EXERCISE MATERIALS:
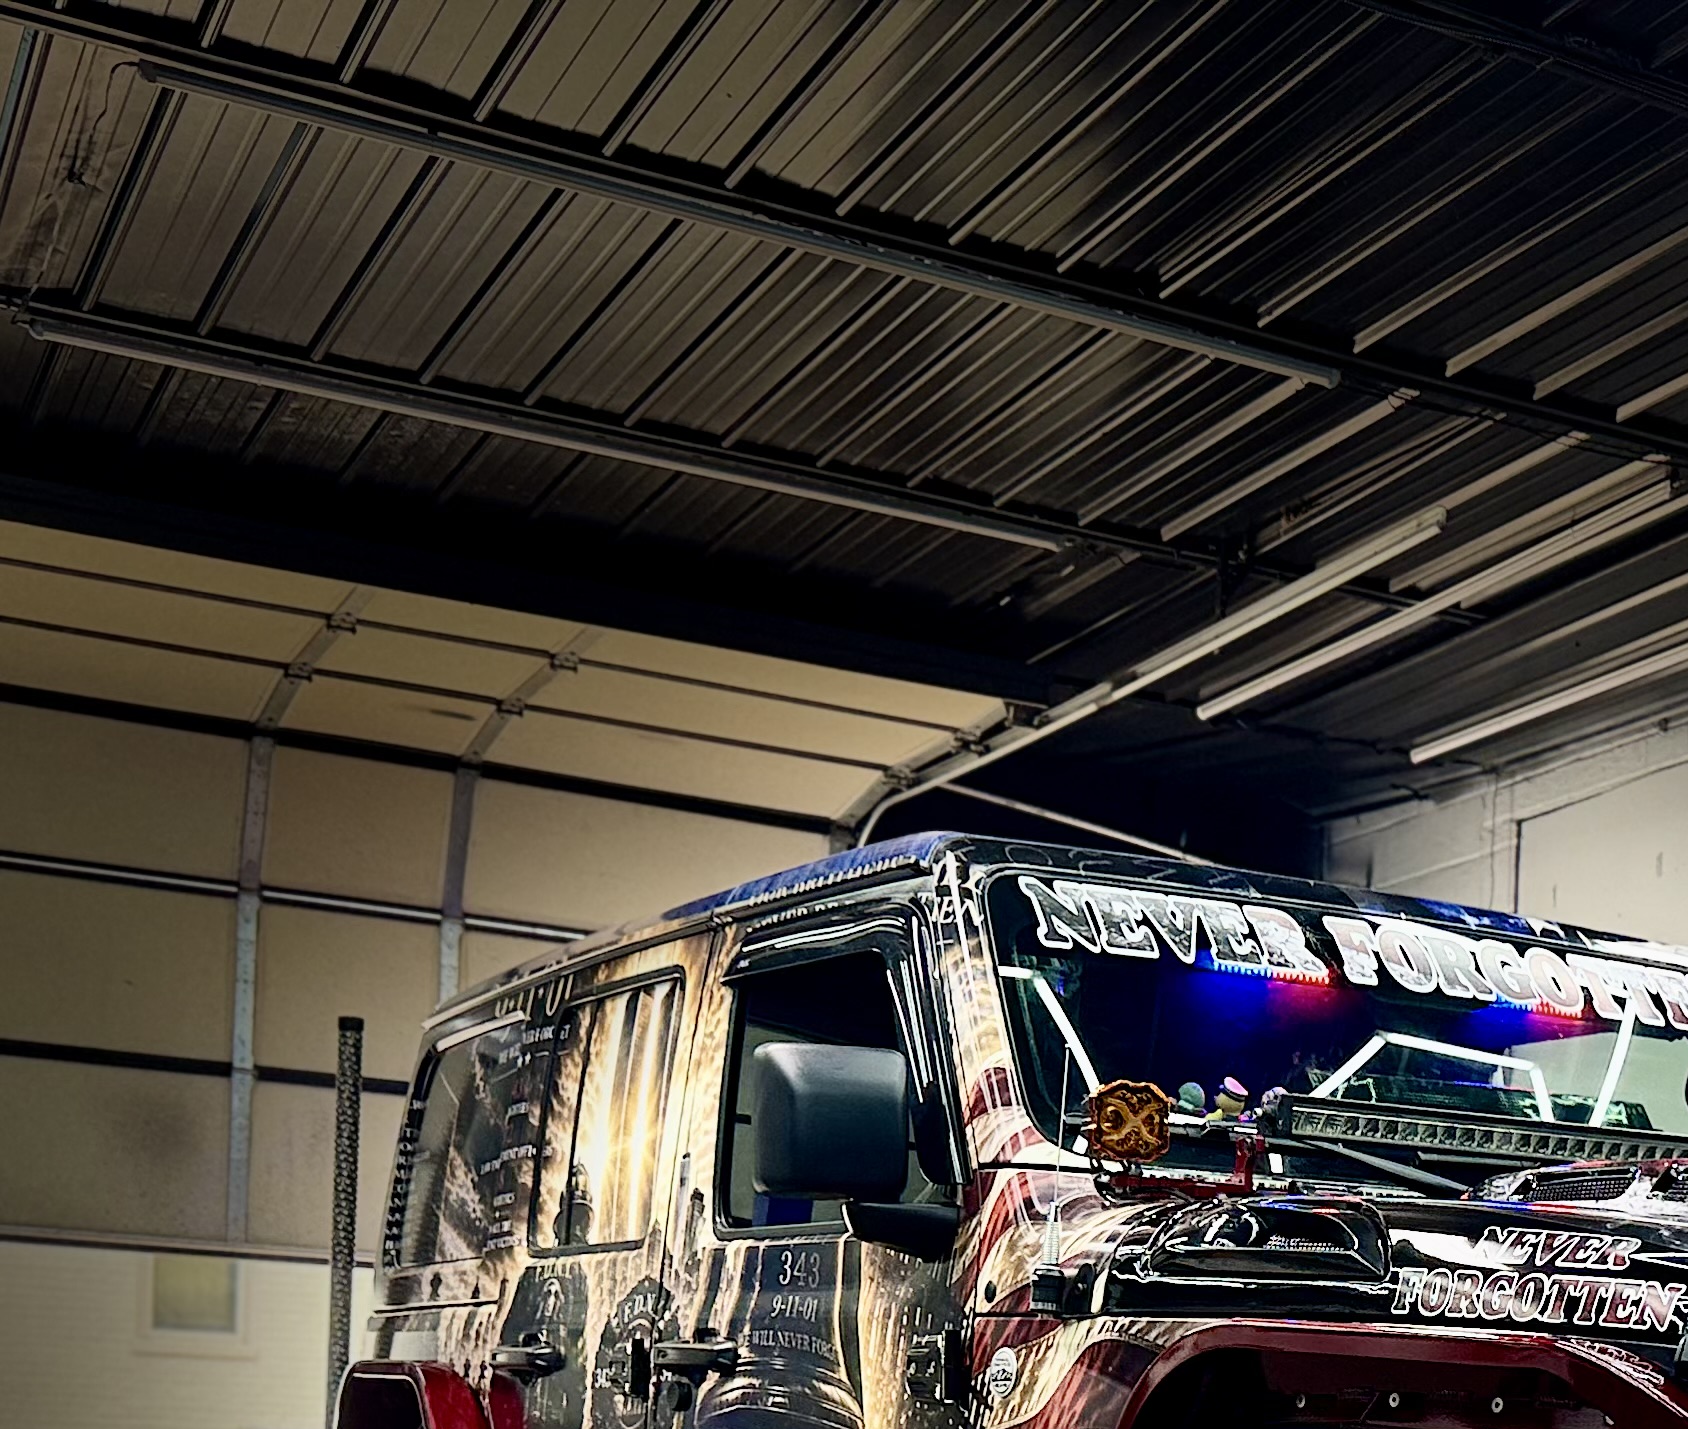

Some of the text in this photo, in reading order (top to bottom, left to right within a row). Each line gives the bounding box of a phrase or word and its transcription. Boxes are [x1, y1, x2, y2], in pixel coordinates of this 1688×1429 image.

[1017, 874, 1330, 978] NEVER
[1481, 1225, 1642, 1270] NEVER
[778, 1250, 820, 1289] 343
[770, 1294, 818, 1323] 9-11-01
[1391, 1267, 1687, 1333] FORGOTTEN
[751, 1329, 775, 1347] WILL
[777, 1330, 810, 1352] NEVER

ACTIVITY:
Give the data again exactly as it appears, but without any images.

EXPECTED ANSWER:
Some of the text in this photo, in reading order (top to bottom, left to right within a row). Each line gives the bounding box of a phrase or word and its transcription. Boxes are [x1, y1, x2, y2], in pixel coordinates of this 1688×1429 image.

[1017, 874, 1330, 978] NEVER
[1481, 1225, 1642, 1270] NEVER
[778, 1250, 820, 1289] 343
[770, 1294, 818, 1323] 9-11-01
[1391, 1267, 1687, 1333] FORGOTTEN
[751, 1329, 775, 1347] WILL
[777, 1330, 810, 1352] NEVER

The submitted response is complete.